I’m not a total monster, so for this assignment I’m providing a subset of the Gradescope tests. Below is a set of Python unit tests and associated files. To use them, place them all in the same directory as your jpeg_exif.py file. Then, pick one to run and execute it at the command line:

> python3.5 test_carve.py 
....
----------------------------------------------------------------------
Ran 4 tests in 0.001s

OK

If the test passes, you’ll see OK as above. If not, you’ll get details about which test failed, and how the expected output (the first operand of the assertEqual method) differed from your code’s output (the second operand).

The tests:

test_carve.py: This file contains standalone tests for carve().
test_find_jfif.py: This file contains tests everyone’s code must pass for find_jfif(). It depends upon Designs.doc.
test_parse_exif.py: This file contains tests everyone’s code must pass for parse_exif(). It depends upon FullSizeRender.jpg and gore-superman.jpg, both of which contains Exif data in big-endian byte order.
test_find_jfif_parse.py: This file contains tests 590F students’ code must pass for find_jfif(). It depends upon Designs.doc and minimal.jpg.
test_parse_exif_little_endian.py: This file contains a test everyone’s code must pass for parse_exif().

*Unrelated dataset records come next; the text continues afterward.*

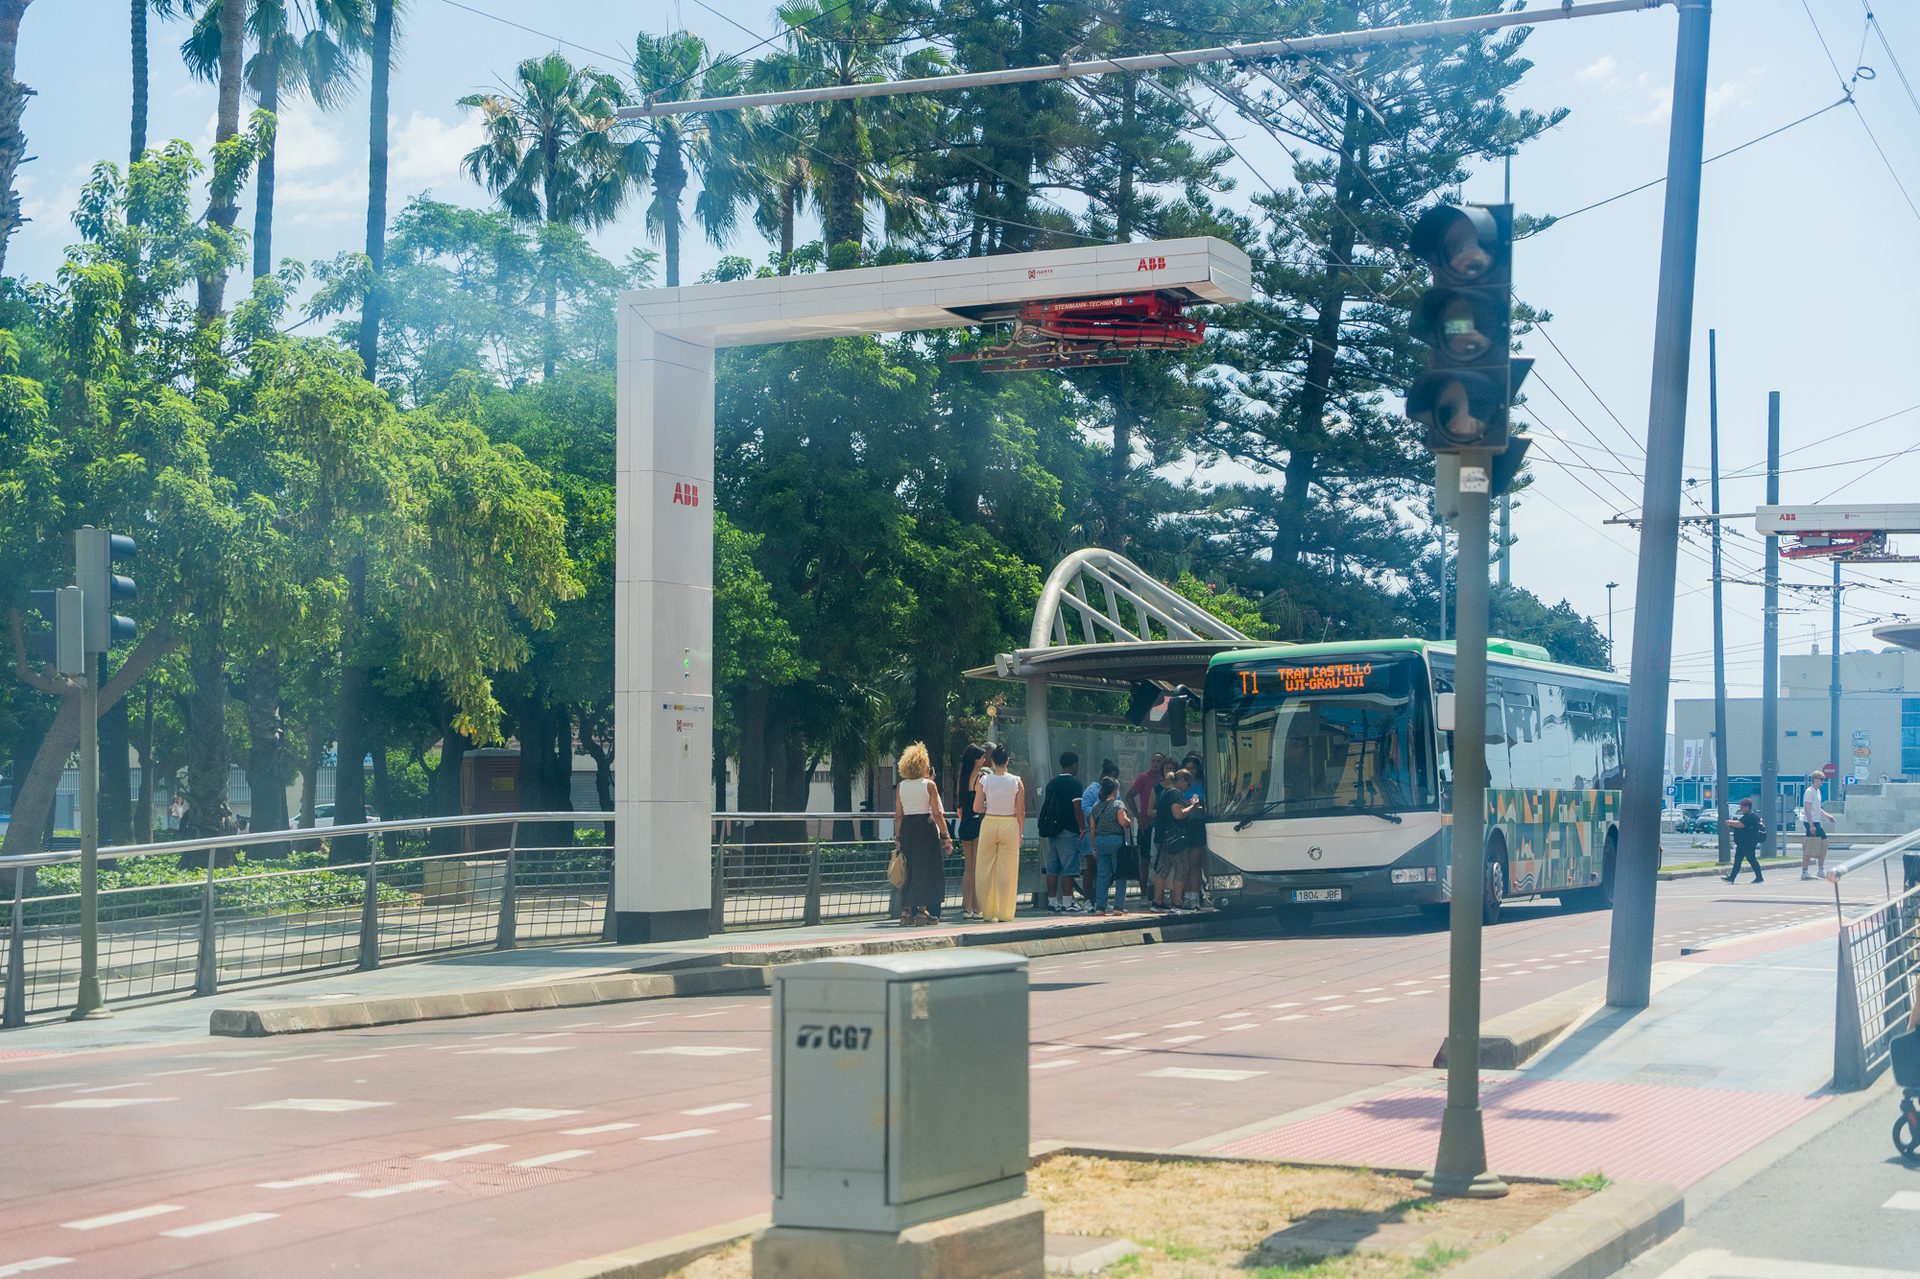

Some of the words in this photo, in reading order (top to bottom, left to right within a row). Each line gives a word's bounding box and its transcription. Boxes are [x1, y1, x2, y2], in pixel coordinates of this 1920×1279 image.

[1137, 256, 1167, 272] ABB
[673, 481, 699, 508] ABB
[1779, 513, 1797, 521] ABB
[1277, 667, 1310, 680] TRAM
[1312, 663, 1372, 678] CASTELLÓ
[1239, 671, 1259, 695] T1
[1285, 675, 1365, 692] UJI-GRAU-UJI
[1298, 890, 1319, 900] 1804
[1324, 889, 1340, 899] JBF

It depends upon leaves.jpg, which contains Exif data in little-endian byte order.

The media:

Designs.doc: a MS-Word document containing carveable JFIFs as well as non-JFIF FF D8 and FF D9 values.
minimal.jpg: a minimal JFIF with no Exif.
FullSizeRender.jpg: a big-endian Exif-containing file with a single IFD.
gore-superman.jpg: a big-endian Exif-containing file with multiple IFDs.
leaves.jpg: a little-endian Exif-containing file with multiple IFDs.